**YOUR TASK**
The entries shown here must be retyped in full, with no pictures included.

[Start of Attachment]

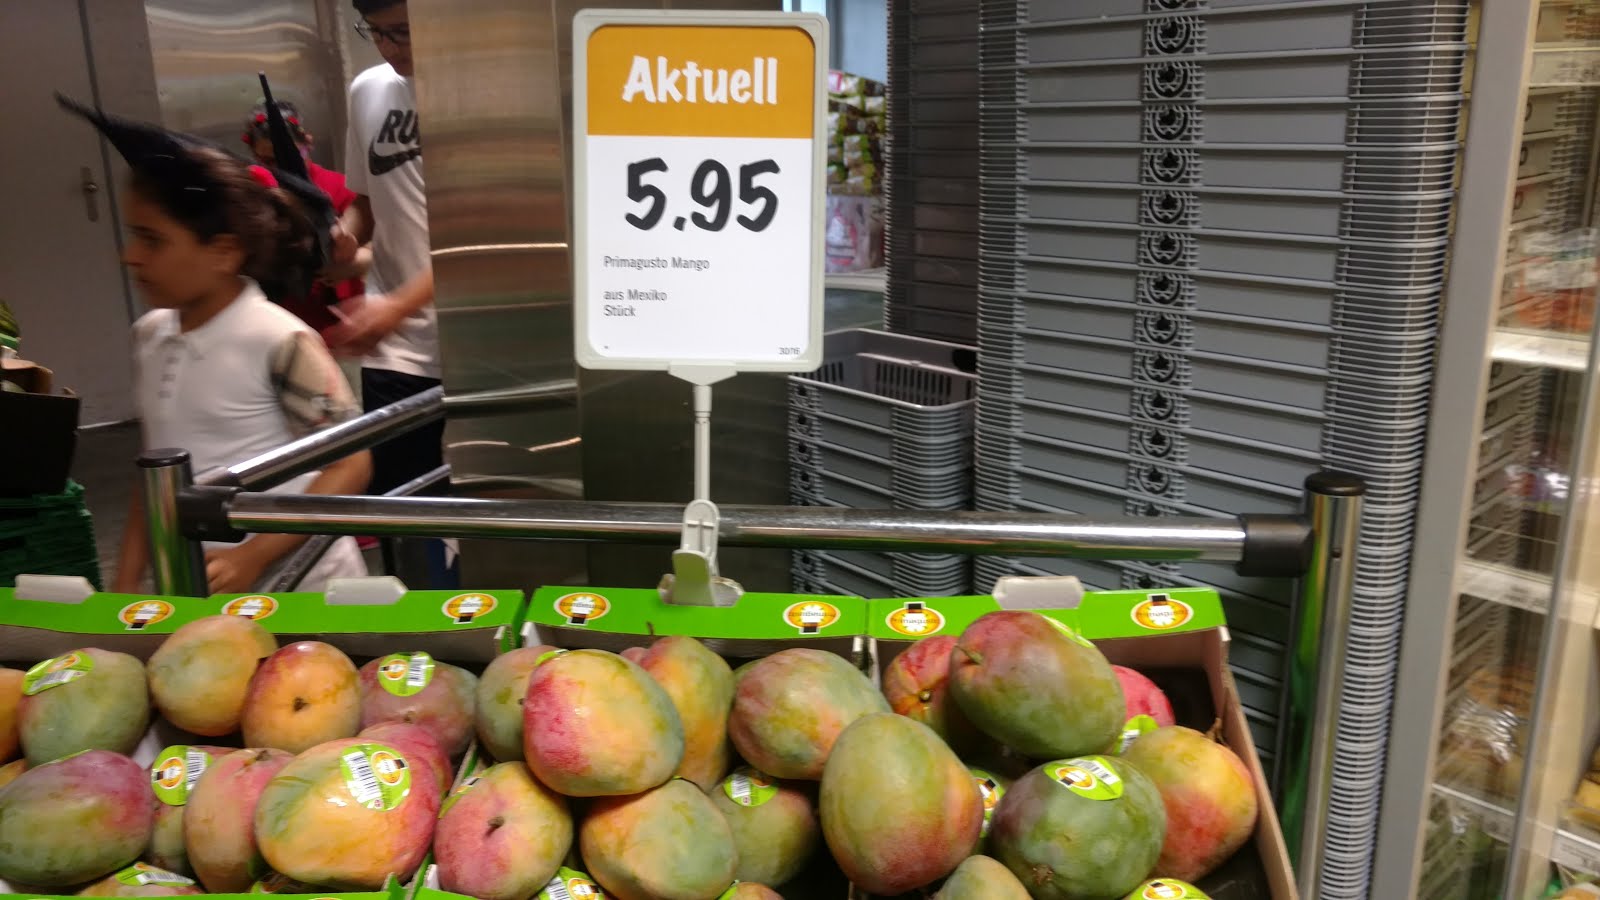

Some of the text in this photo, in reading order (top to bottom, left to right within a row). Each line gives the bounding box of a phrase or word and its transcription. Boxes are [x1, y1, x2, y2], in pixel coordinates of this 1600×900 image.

[622, 55, 779, 105] Aktuell
[376, 109, 421, 144] RU
[625, 158, 781, 232] 5.95
[603, 256, 710, 271] Primagusto Mango
[603, 289, 667, 301] aus Mexiko
[603, 303, 636, 317] Stück
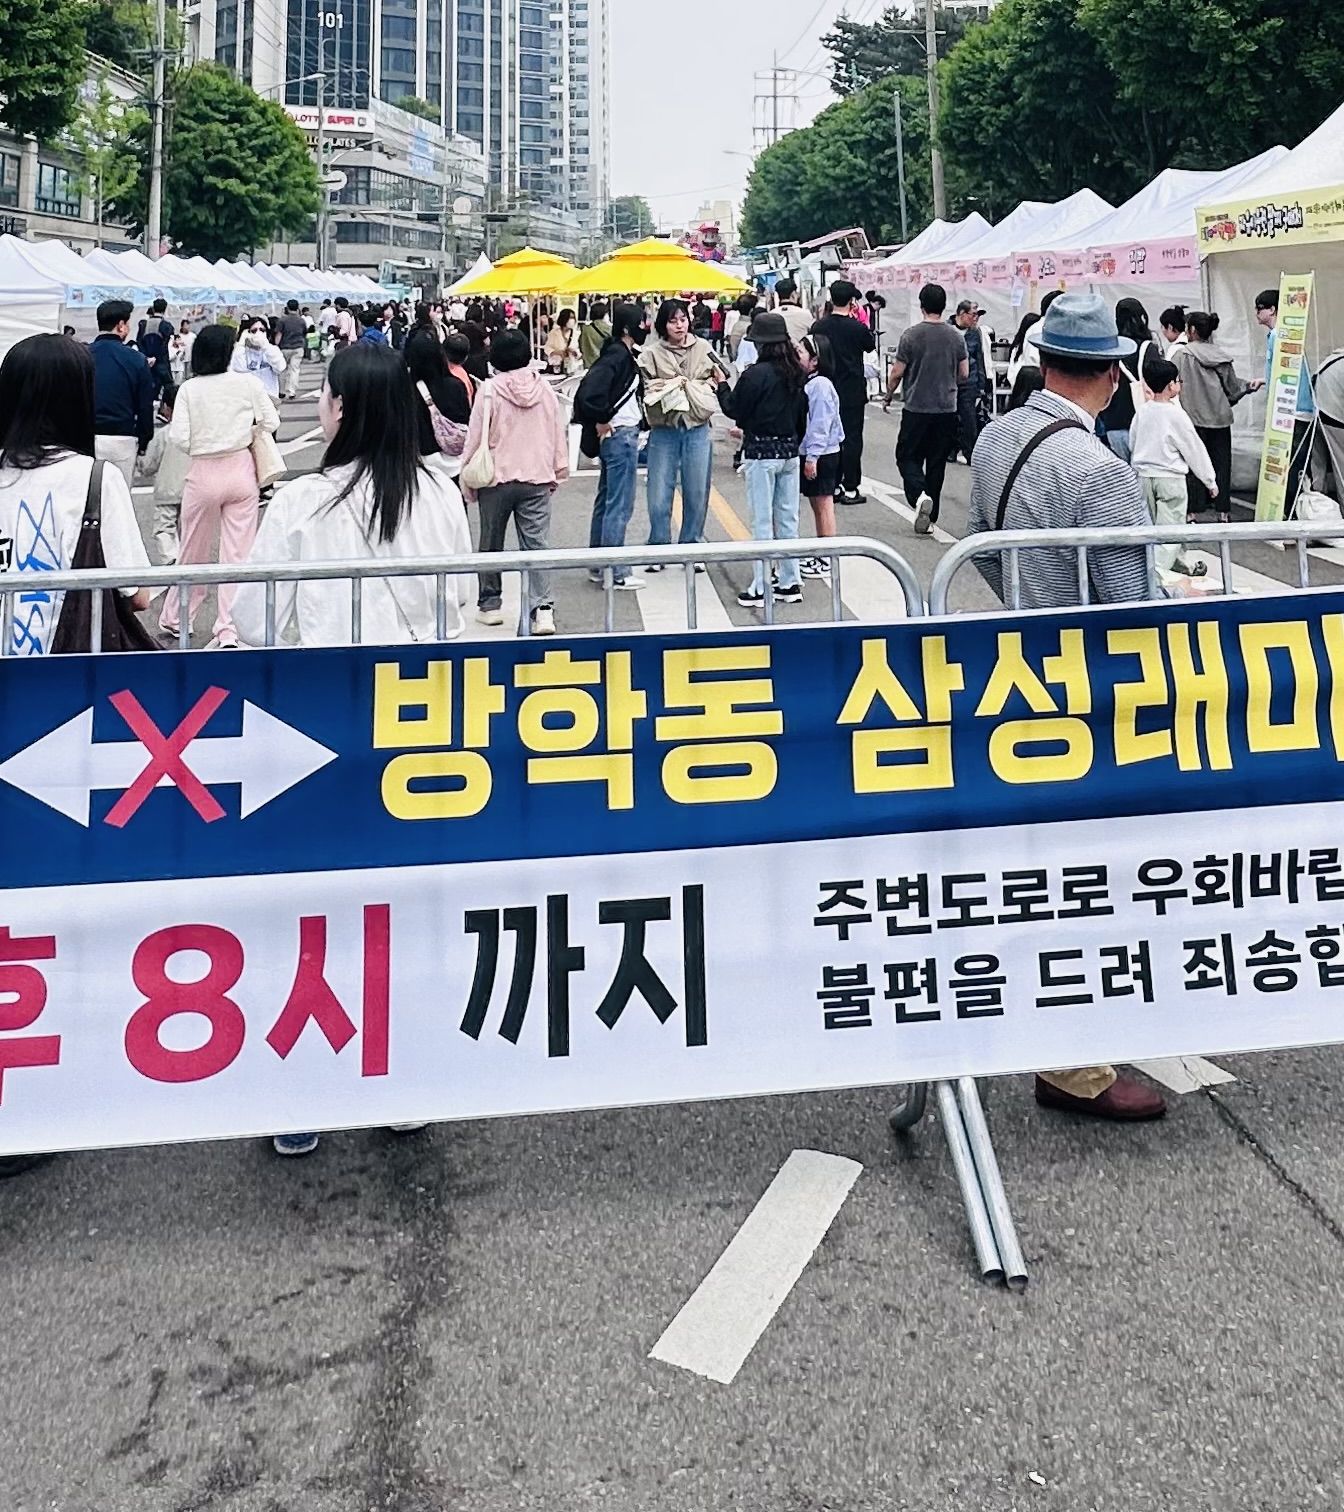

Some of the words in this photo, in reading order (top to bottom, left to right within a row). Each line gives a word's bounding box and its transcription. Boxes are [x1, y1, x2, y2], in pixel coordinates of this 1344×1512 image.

[316, 10, 344, 30] 101
[295, 114, 323, 123] LOTT
[327, 115, 355, 125] SUPER
[372, 644, 784, 822] 방학동
[812, 862, 1115, 941] 주변도로로
[122, 902, 391, 1084] 8시
[458, 883, 709, 1058] 까지
[816, 952, 1009, 1031] 불편을
[1035, 938, 1155, 1009] 드려
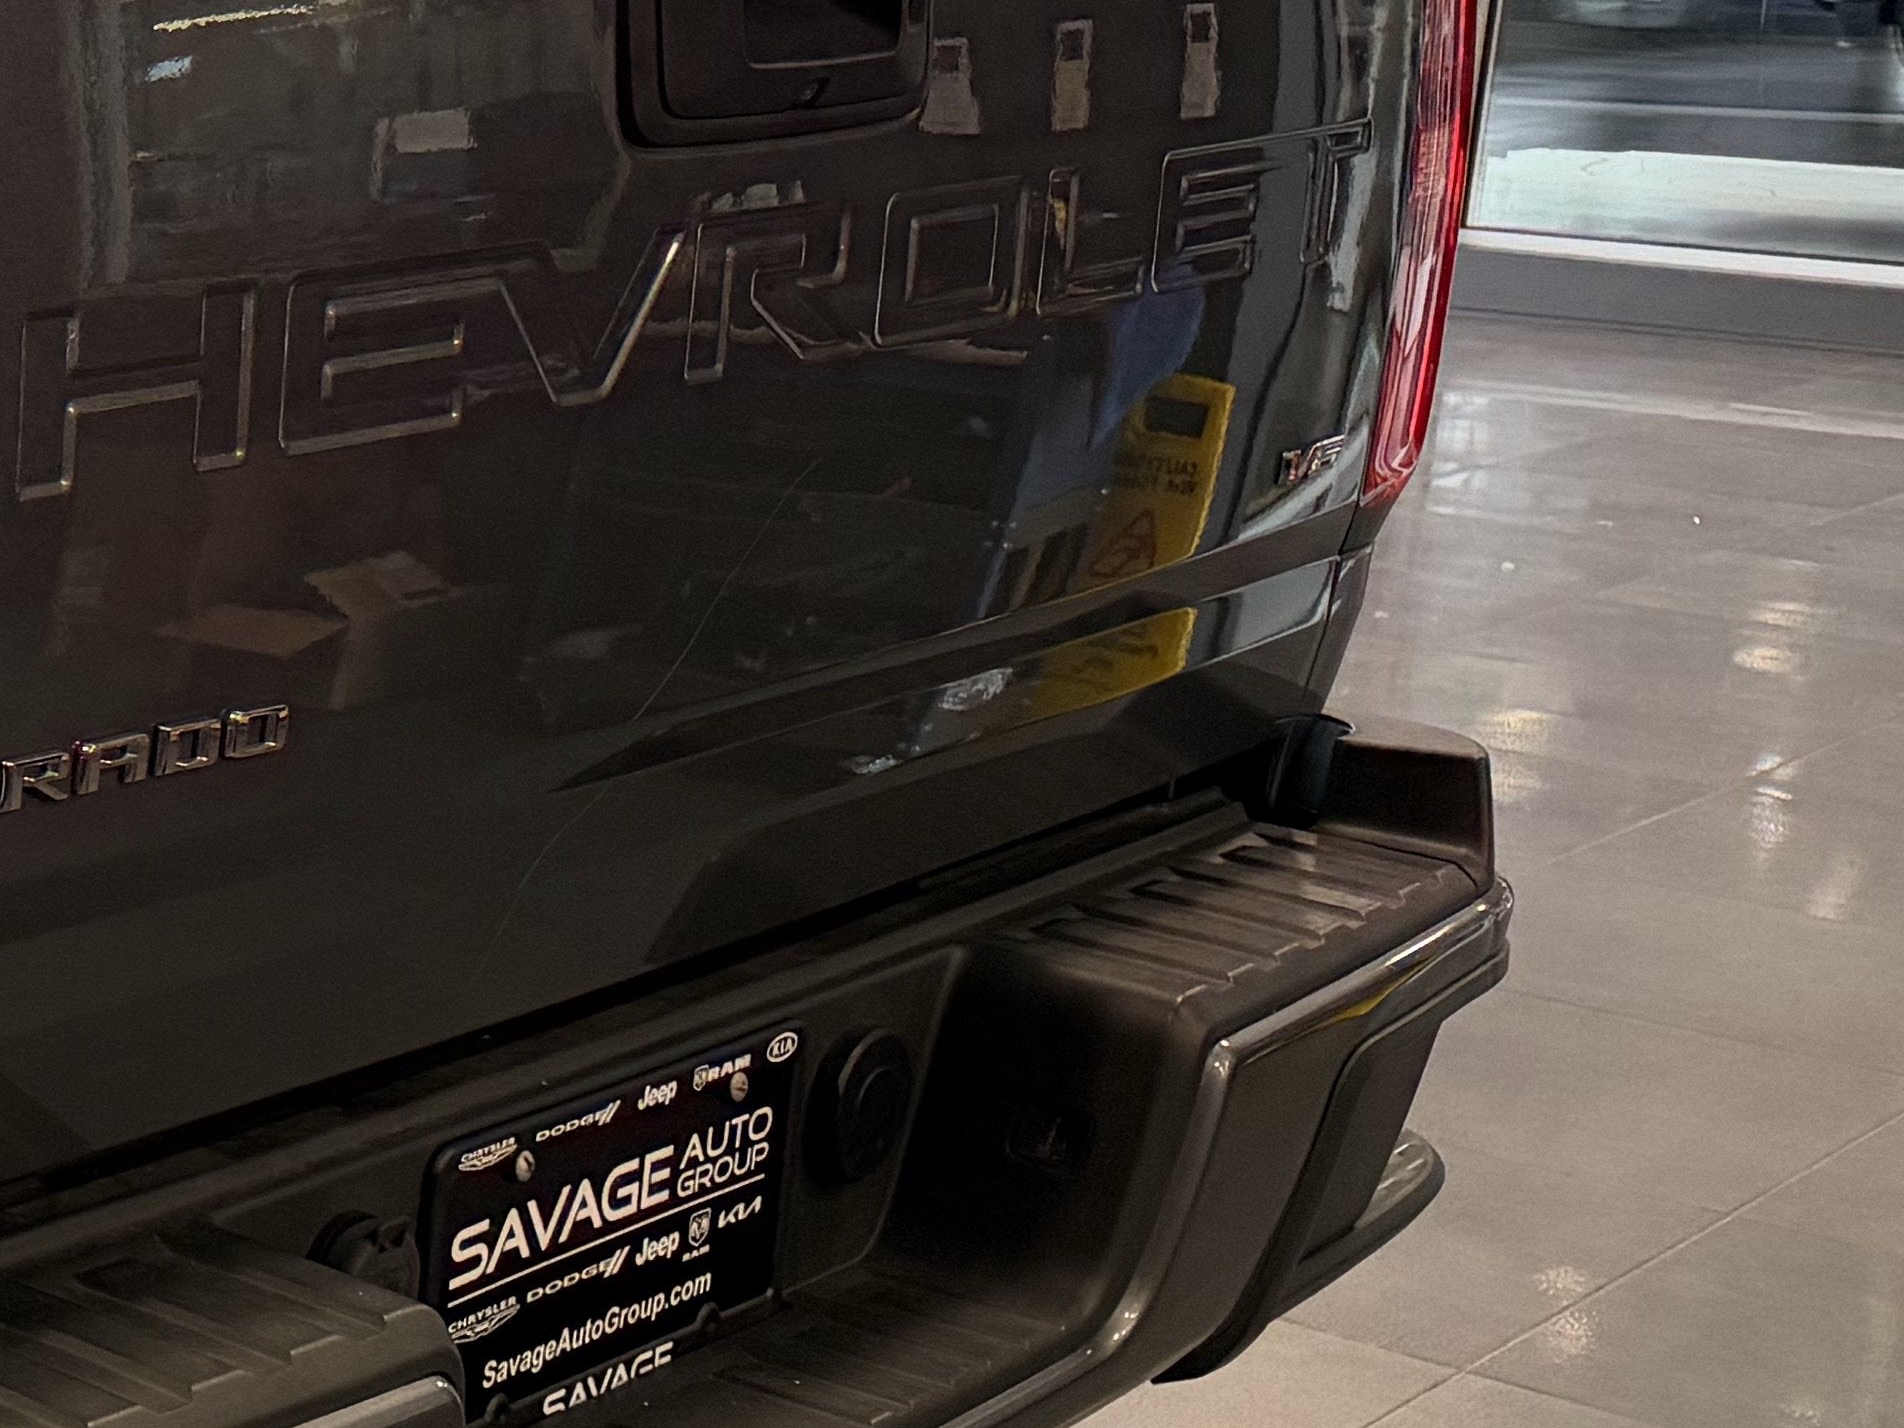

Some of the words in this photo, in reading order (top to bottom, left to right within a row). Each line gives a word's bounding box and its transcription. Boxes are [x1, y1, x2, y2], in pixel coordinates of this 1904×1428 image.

[638, 1081, 678, 1111] Jeep
[771, 1034, 794, 1059] KIA
[677, 1142, 770, 1198] GROUP
[679, 1106, 774, 1169] AUTO
[448, 1145, 675, 1291] SAVAGE
[448, 1296, 517, 1334] CHRYSLER
[527, 1256, 614, 1303] DODGE
[635, 1231, 680, 1266] Jeep
[482, 1272, 712, 1389] SavageAutoGroup.com
[542, 1341, 674, 1415] SAVAGE
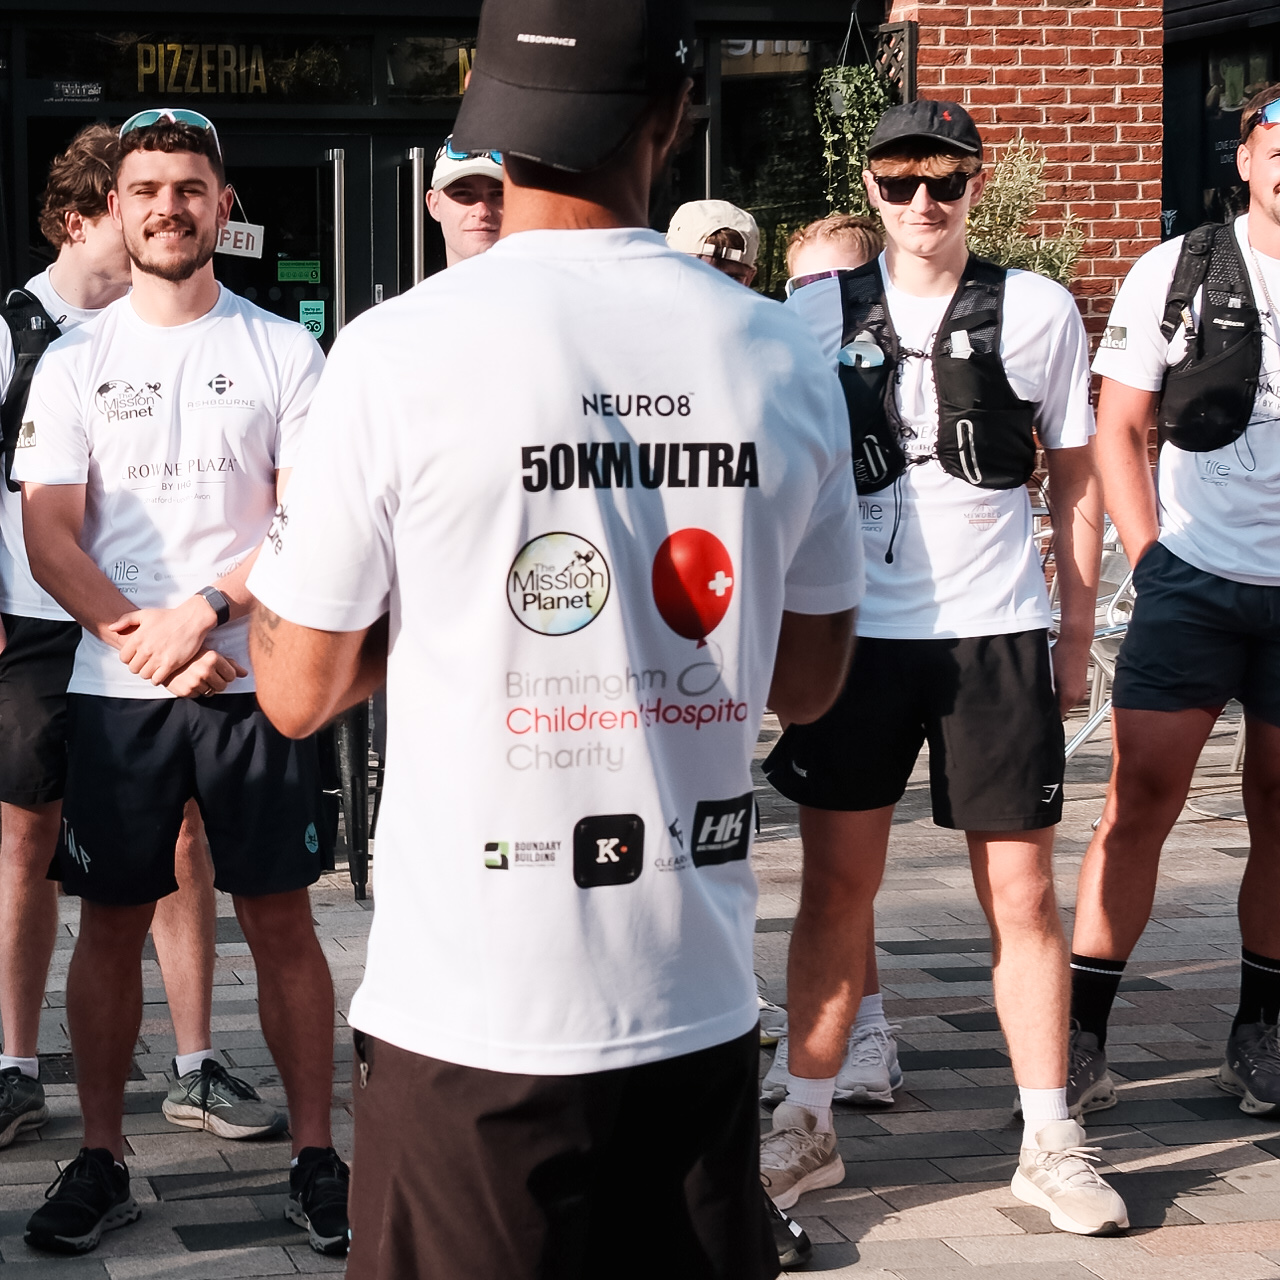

[End of Attachment]

**OUTPUT**
Some of the text in this photo, in reading order (top to bottom, left to right within a row). Each line gives the bounding box of a phrase or word and its transcription. Boxes are [x1, y1, x2, y2], in pixel coordinates of this 1600×900 image.

[622, 55, 779, 105] Aktuell
[376, 109, 421, 144] RU
[625, 158, 781, 232] 5.95
[603, 256, 710, 271] Primagusto Mango
[603, 289, 667, 301] aus Mexiko
[603, 303, 636, 317] Stück

Some of the words in this photo, in reading order (top to bottom, left to right within a row). Each line gives a word's bounding box and its transcription. Boxes are [x1, y1, x2, y2], in pixel coordinates of this 1344×1512 image.

[316, 10, 344, 30] 101
[295, 114, 323, 123] LOTT
[327, 115, 355, 125] SUPER
[372, 644, 784, 822] 방학동
[812, 862, 1115, 941] 주변도로로
[122, 902, 391, 1084] 8시
[458, 883, 709, 1058] 까지
[816, 952, 1009, 1031] 불편을
[1035, 938, 1155, 1009] 드려

Some of the words in this photo, in reading order (top to bottom, left to right within a row). Each line gives a word's bounding box and its transcription. Boxes are [x1, y1, x2, y2], in pixel coordinates of this 1904×1428 image.

[638, 1081, 678, 1111] Jeep
[771, 1034, 794, 1059] KIA
[677, 1142, 770, 1198] GROUP
[679, 1106, 774, 1169] AUTO
[448, 1145, 675, 1291] SAVAGE
[448, 1296, 517, 1334] CHRYSLER
[527, 1256, 614, 1303] DODGE
[635, 1231, 680, 1266] Jeep
[482, 1272, 712, 1389] SavageAutoGroup.com
[542, 1341, 674, 1415] SAVAGE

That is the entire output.